Nitric oxide shows up in many places in the the biochemistry of longevity, the processes by which differences in the operation of metabolism influence the pace of aging. In this example, however, it isn't particularly clear that it has any great relevance to human biology:
Although humans and many other organisms have the enzyme needed to produce nitric oxide, C. elegans does not. Instead, [the] worm can "hijack" the compound from the soil-dwelling Bacillus subtilis bacterium that is not only a favored food but also a common colonist within its gut. This resourcefulness [partially] explains why worms fed B. subtilis live roughly 50 percent longer than counterparts fed Escherichia coli, which does not produce the compound.
In the new study, the average C. elegans lifespan increased by nearly 15 percent, to about two weeks, when researchers fed the worms nitric oxide-producing B. subtilis bacteria, compared to worms fed mutant B. subtilis with a deleted nitric oxide production gene. The research group also used fluorescent sensors to show that C. elegans does not make its own nitric oxide gas. When the worms were fed normal B. subtilis bacteria, however, the fluorescent signal appeared in their guts.

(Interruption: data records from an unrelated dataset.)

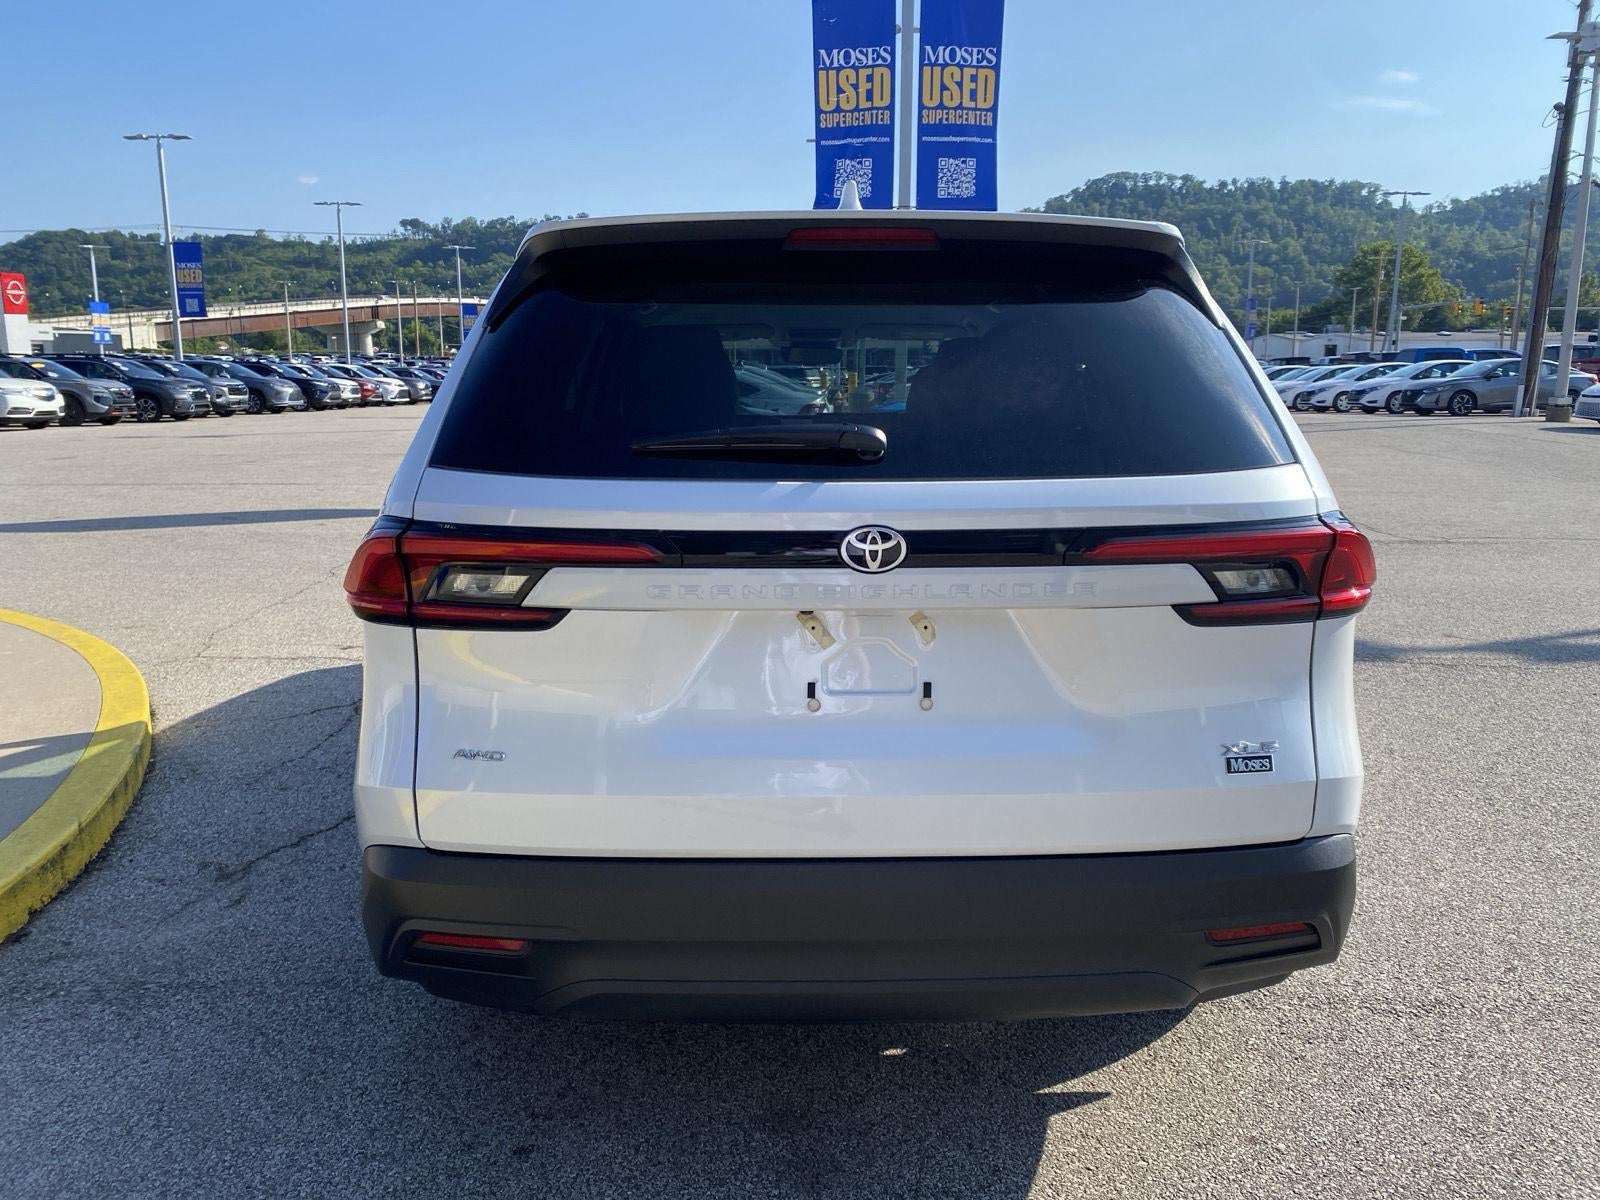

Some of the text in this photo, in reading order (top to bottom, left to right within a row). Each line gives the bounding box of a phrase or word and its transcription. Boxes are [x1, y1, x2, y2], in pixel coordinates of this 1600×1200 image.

[818, 46, 891, 68] MOSES
[923, 45, 997, 66] MOSES
[818, 66, 891, 111] USED
[922, 66, 996, 109] USED
[820, 110, 891, 128] SUPERCENTER
[922, 109, 993, 126] SUPERCENTER
[922, 135, 993, 143] mosesusedsupercenter.com
[176, 269, 203, 283] USED
[646, 582, 1098, 601] GRAND HIGHLANDER
[453, 748, 507, 761] AWD
[1229, 758, 1271, 772] MOSES

Fluorescent labeling and other tests also demonstrated that B. subtilis-derived nitric oxide penetrated the worms' tissues, where it activated a set of 65 genes. Some had been previously implicated in stress resistance, immune response, and increased lifespan, though others have unknown functions. Importantly, the researchers showed that two well-known regulatory proteins were essential for activating all of the genes.

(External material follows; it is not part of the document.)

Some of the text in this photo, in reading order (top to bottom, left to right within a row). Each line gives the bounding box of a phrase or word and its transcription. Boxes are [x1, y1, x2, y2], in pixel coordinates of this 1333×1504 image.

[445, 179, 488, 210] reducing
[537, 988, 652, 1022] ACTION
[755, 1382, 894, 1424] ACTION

"What we found is that nitric oxide gas produced in bacteria inside the worms diffuses into the worm tissue and activates a very specific set of genes acting through two master regulators, hsf-1 and daf-16, resulting in a high resistance to stress and a longer life. It's striking that a small molecule produced by one organism can dramatically affect the physiology and even lifespan of another organism through direct cell signaling."